Intervals on which function is increasing and decreasing

Question

Let $p(x)=x^5-q^2x-q$ , where $q$ is a prime number. I want to understand how to determine when the function will be decreasing and increasing on the intervals given below.

We compute $p^{\prime}(x)=5x^4-q^2$ and look for the critical points.

$5x^4-q^2=0\Longleftrightarrow x=\pm \frac{\sqrt{q}}{\sqrt[4]{5}}$

Hence we have to investigate the behavior of $p^{\prime}(x)$ for each of these intervals $(-\infty,-\frac{\sqrt{q}}{\sqrt[4]{5}})$, $(-\frac{\sqrt{q}}{\sqrt[4]{5}},\frac{\sqrt{q}}{\sqrt[4]{5}})$ and $(\frac{\sqrt{q}}{\sqrt[4]{5}},\infty)$ this will indicate when the function will be increasing and decreasing. How can this be determined when the expression $\frac{\sqrt{q}}{\sqrt[4]{5}}$ contains a prime number???

The answer should be : the function will be increasing for $x<\frac{\sqrt{q}}{\sqrt[4]{5}}$ and strictly decreasing for $-\frac{\sqrt{q}}{\sqrt[4]{5}}<x<\frac{\sqrt{q}}{\sqrt[4]{5}}$ and strictly increasing again for $x>\frac{\sqrt{q}}{\sqrt[4]{5}}$

Can someone explain this last part? Thank you

Answer 1

Assuming we have $q\gt 0$, the derivative is positive whenever $5x^4\gt q^2$, or equivalently $\sqrt 5 x^2\gt q$

This can happen two ways, either with $\sqrt[4]5x\gt \sqrt q$ if $x$ is positive, or $-\sqrt[4]5x\gt \sqrt q$ if $x$ is negative.

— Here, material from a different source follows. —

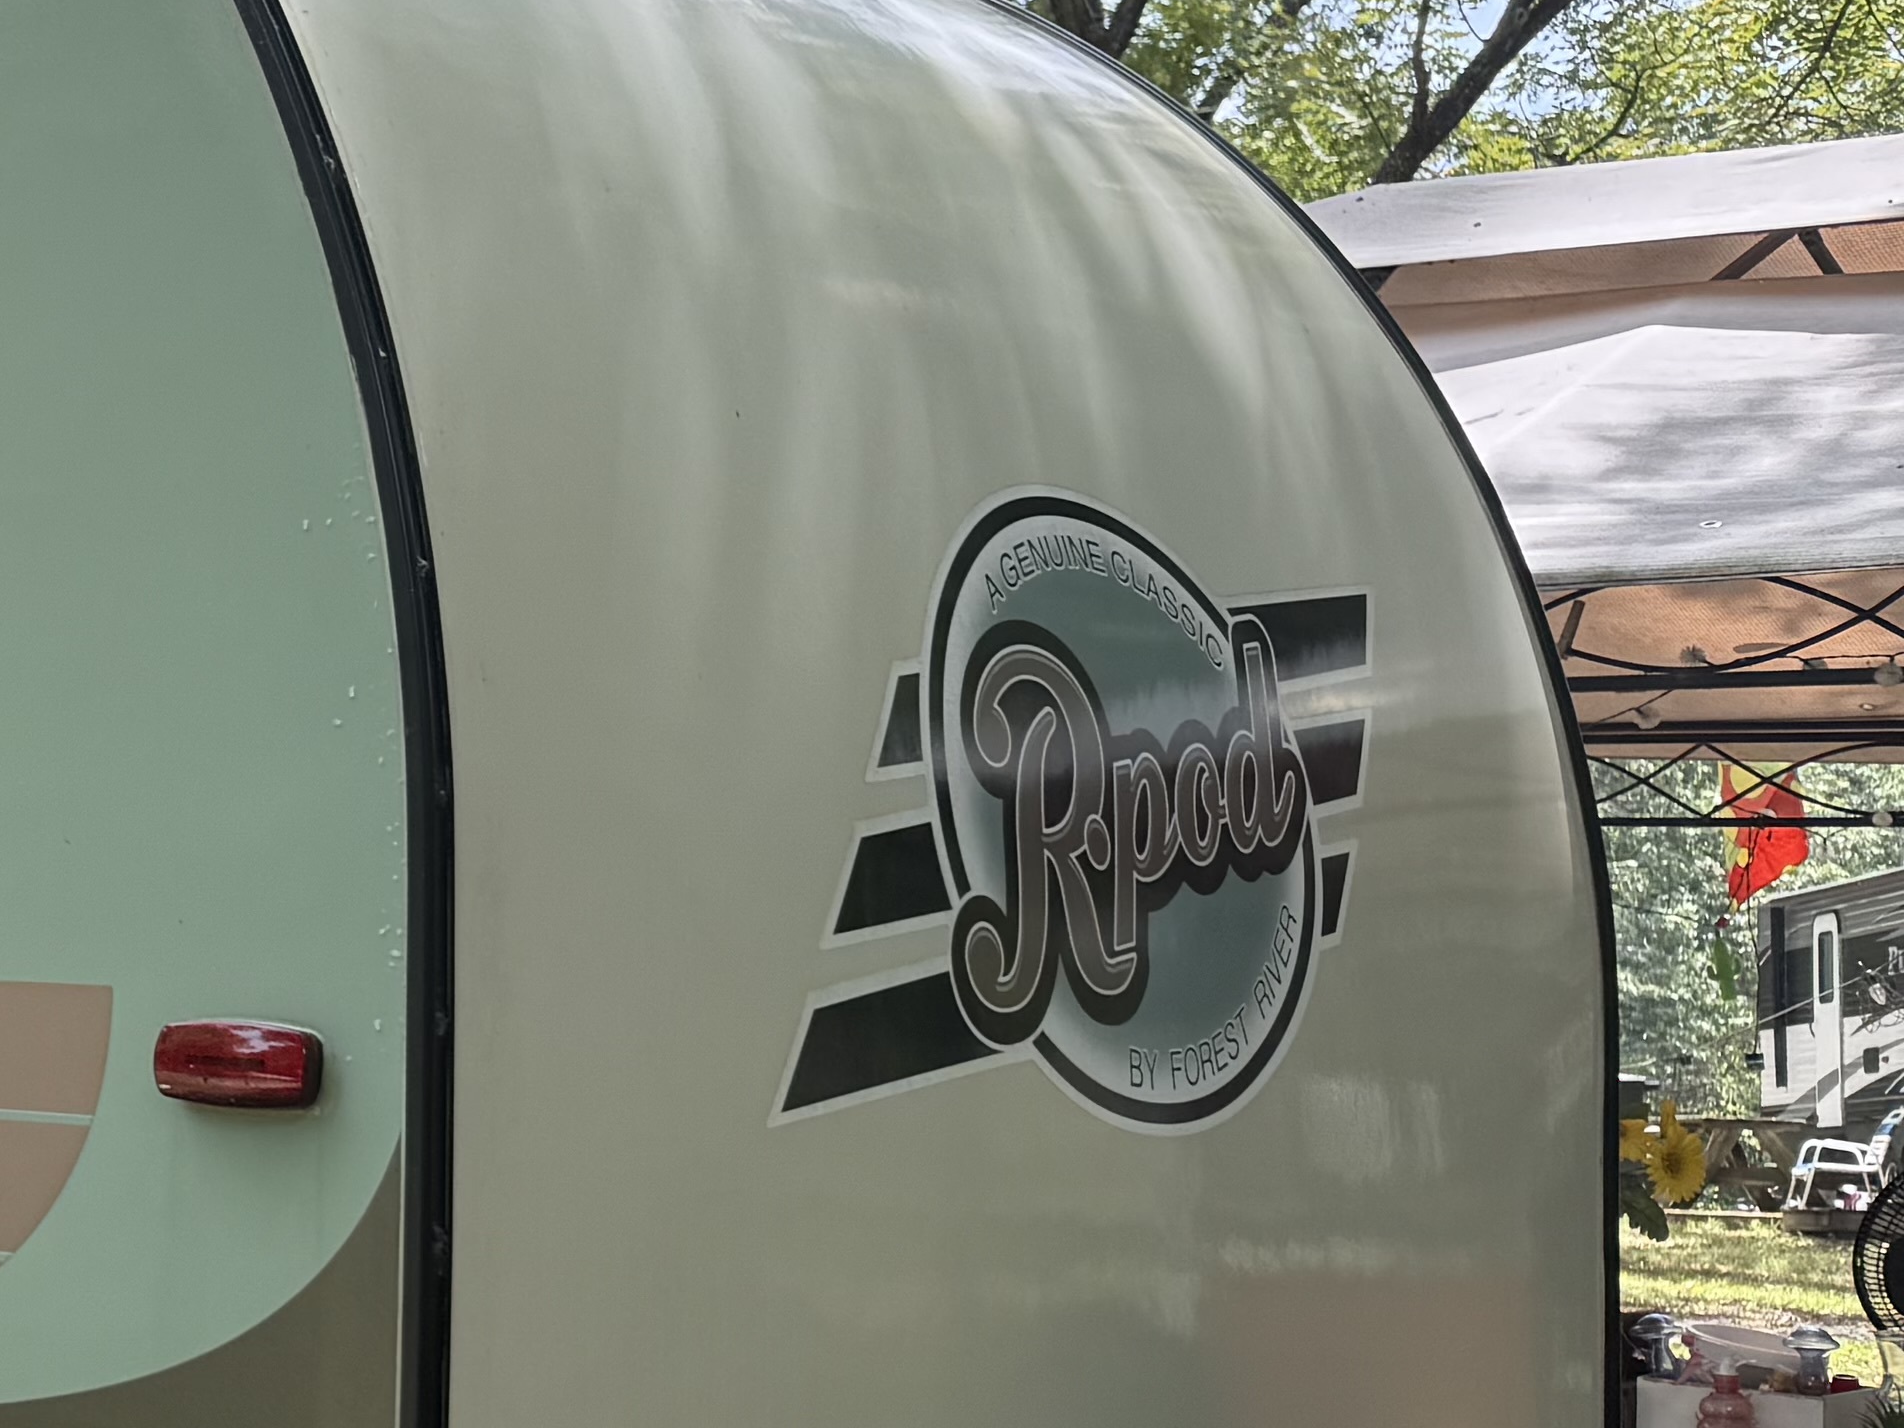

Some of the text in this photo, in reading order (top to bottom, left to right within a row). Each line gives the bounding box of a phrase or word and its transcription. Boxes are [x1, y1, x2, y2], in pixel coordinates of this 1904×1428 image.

[985, 535, 1224, 668] A GENUINE CLASSIC
[1129, 904, 1297, 1090] BY FOREST RIVER
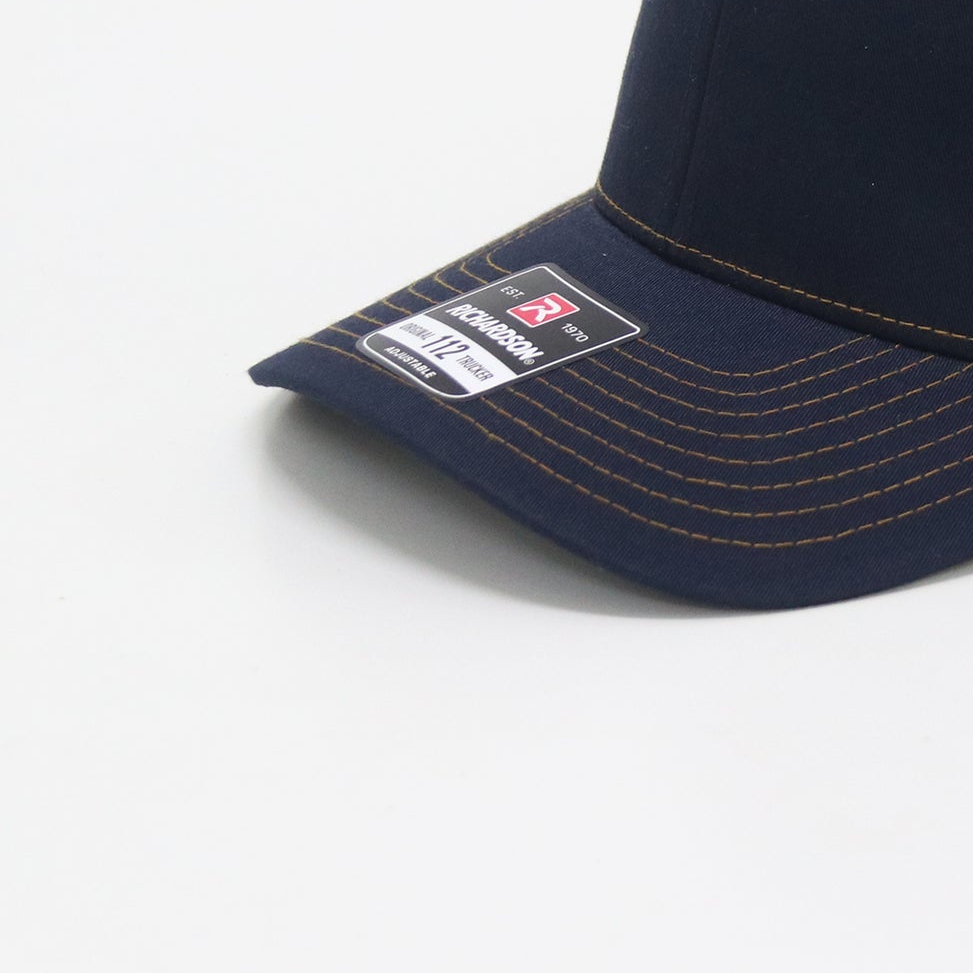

For a negative derivative, the inequalities are reversed.

I am not sure what you mean by "contains a prime number" - the function is presumably being taken over the real numbers, over which the [positive real] square and fourth roots of non-negative real numbers are well-defined.